You’ve carried a turkey the size of a Volvo back from the farmers’ market, hung countless festive garlands, cracked more nuts than is strictly necessary and fended off far too many mistletoe-waving colleagues for comfort. Now you need some me time – or rather, your body needs some knead time.
If you have a spare moment to yourself in the coming weeks, why not make the most of it with a deeply relaxing massage. But, first things first, whether you’re looking for reiki or remedial massage, acupressure or aromatherapy, it’s important to find a suitably qualified and professional therapist.

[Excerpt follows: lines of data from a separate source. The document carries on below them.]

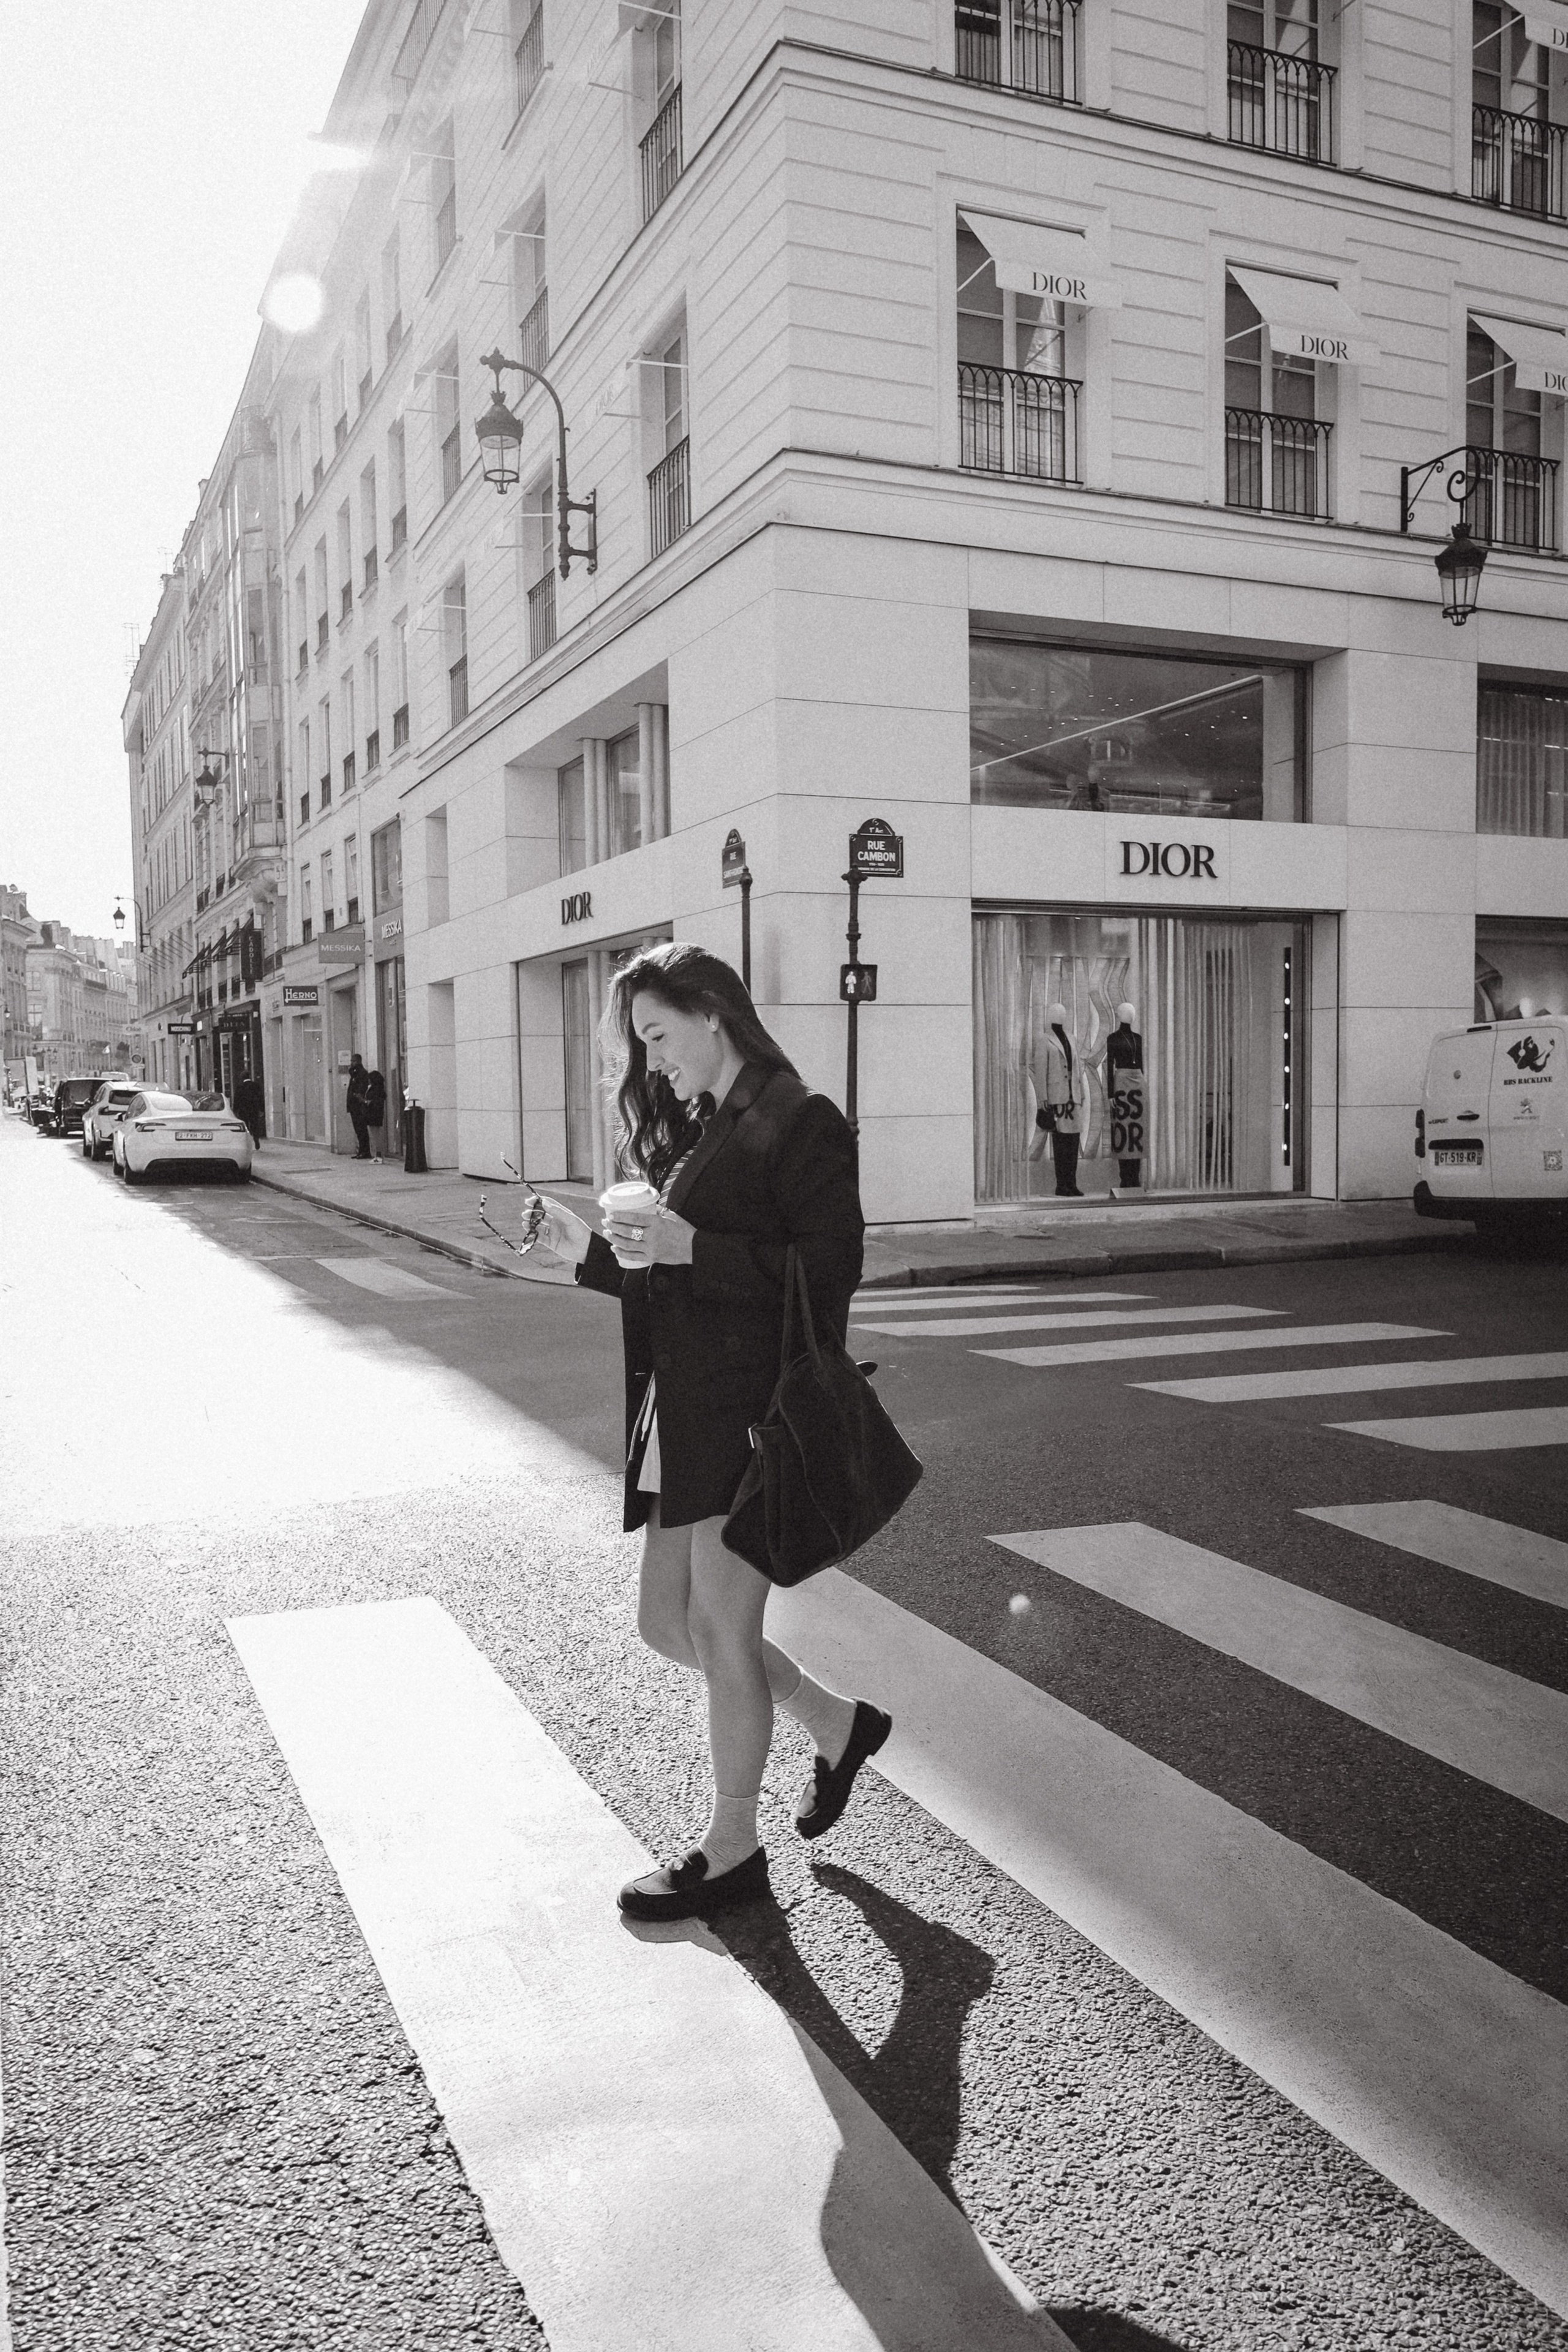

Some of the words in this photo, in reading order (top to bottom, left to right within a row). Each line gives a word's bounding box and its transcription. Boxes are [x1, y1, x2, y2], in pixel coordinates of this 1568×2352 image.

[1031, 271, 1087, 300] DIOR
[1301, 334, 1349, 360] DIOR
[858, 851, 895, 862] CAMBON
[867, 840, 886, 851] RUE
[1120, 841, 1218, 878] DIOR
[560, 892, 594, 925] DIOR
[1439, 1152, 1476, 1163] GT-519-KR
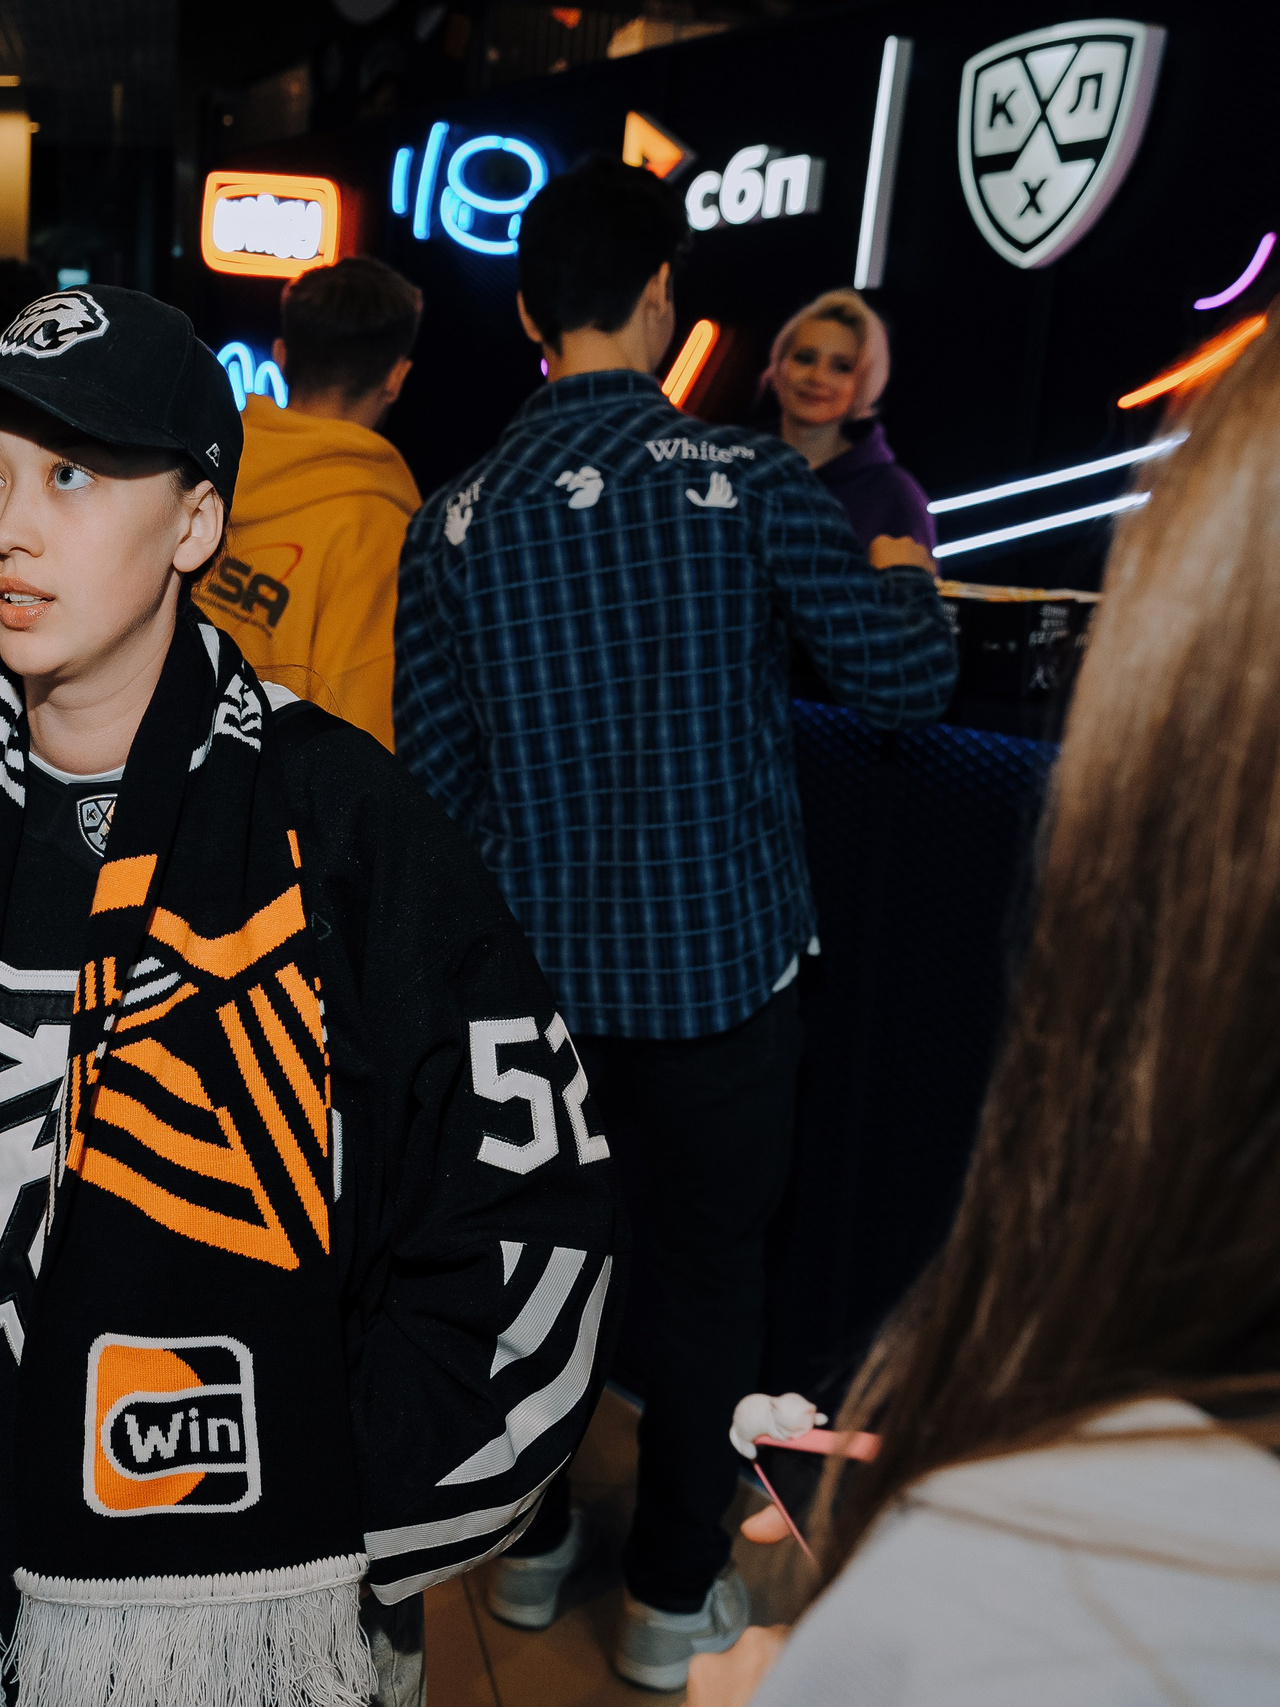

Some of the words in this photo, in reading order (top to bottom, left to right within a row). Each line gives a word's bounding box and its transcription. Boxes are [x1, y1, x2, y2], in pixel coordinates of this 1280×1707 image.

[684, 143, 812, 232] сбп
[468, 1011, 612, 1175] 52
[124, 1406, 241, 1464] Win
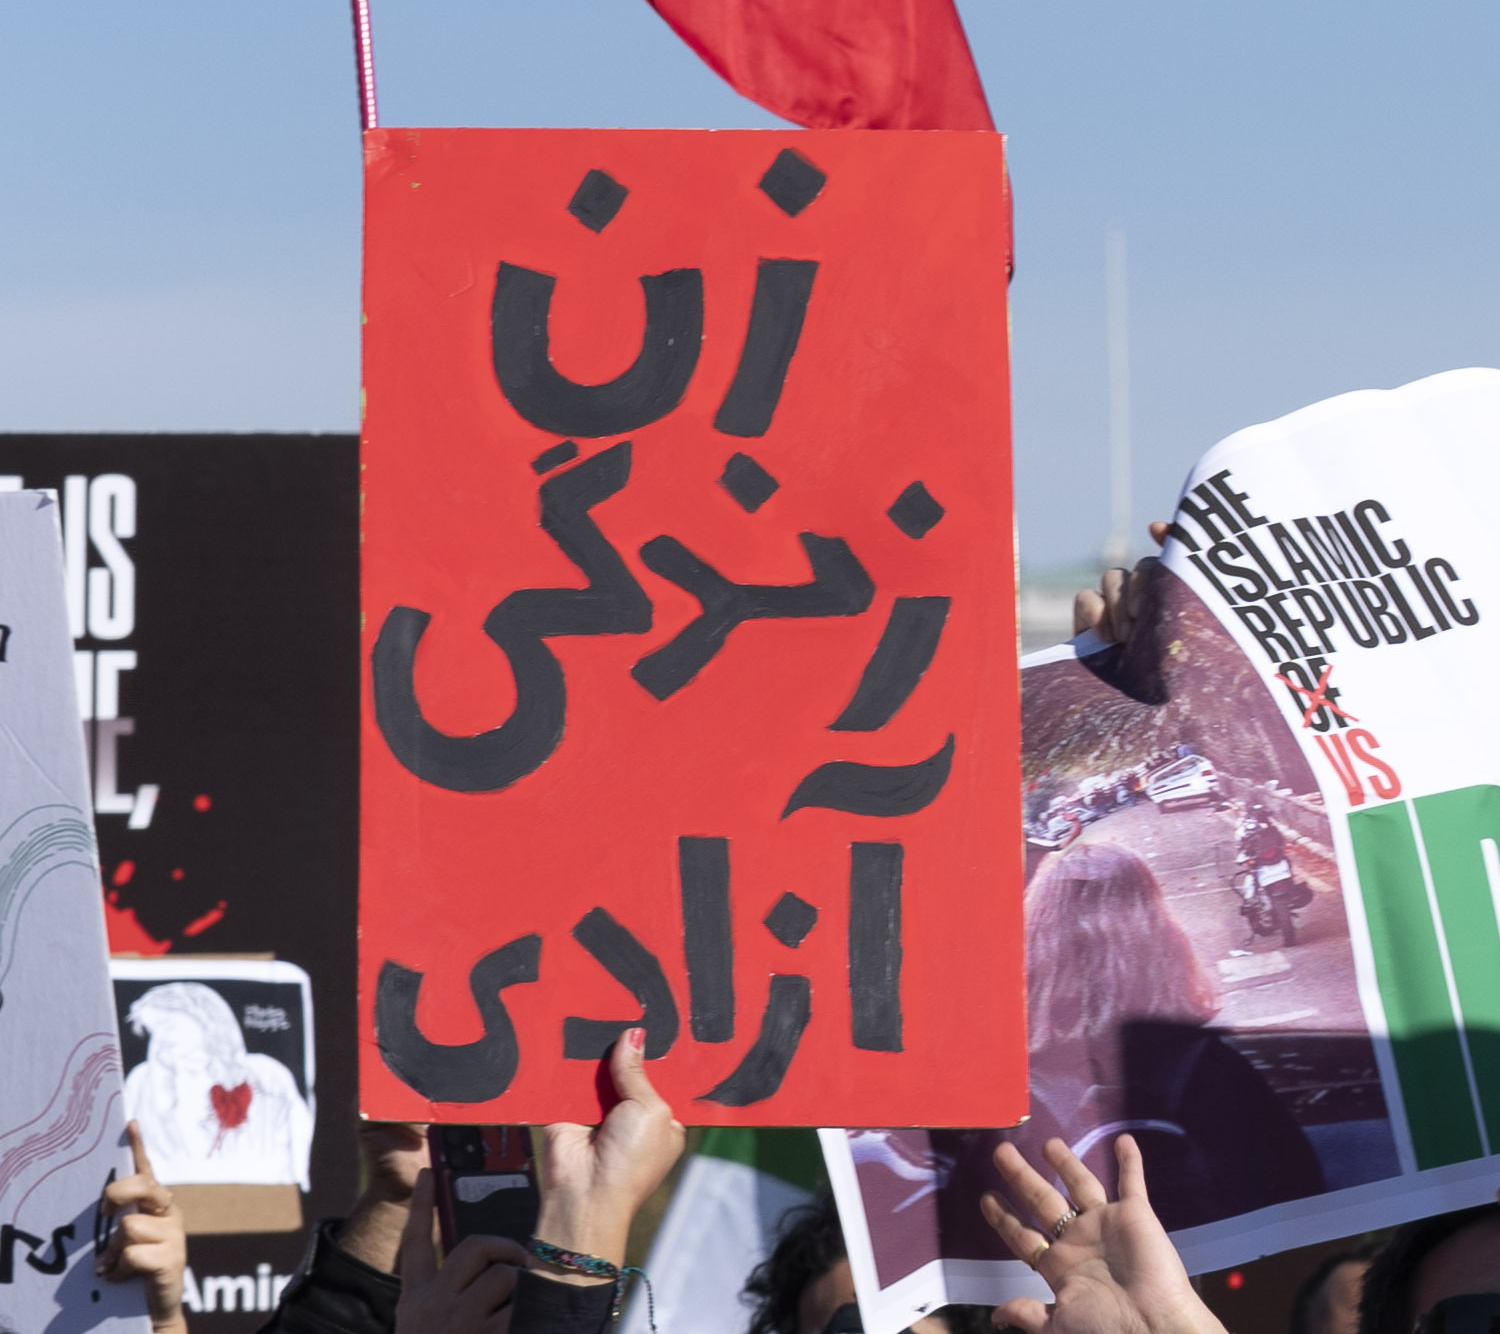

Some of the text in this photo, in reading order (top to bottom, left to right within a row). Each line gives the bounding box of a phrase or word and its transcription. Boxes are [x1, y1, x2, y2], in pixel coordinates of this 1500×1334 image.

According to Karen Young of the Federation of Holistic Therapists, there are many qualities to look out for but your priorities should be checking they’re members of an association that abides by a strict code of practice; that they’re qualified in the therapies they advertise; they’re fully insured to practise; and that they undertake continuing professional development.
This might seem like quite a lot of homework, but it’s worth it if you want to ensure you’re getting a tailormade treatment from a professional.
‘As part of your first treatment you should receive a full consultation, during which your therapist will ask a range of questions about your health, diet and lifestyle,’ said Karen. ‘This will help the therapist to decide if the therapy you have chosen is right for you, or whether any adaptations to the treatment are necessary to meet your particular needs.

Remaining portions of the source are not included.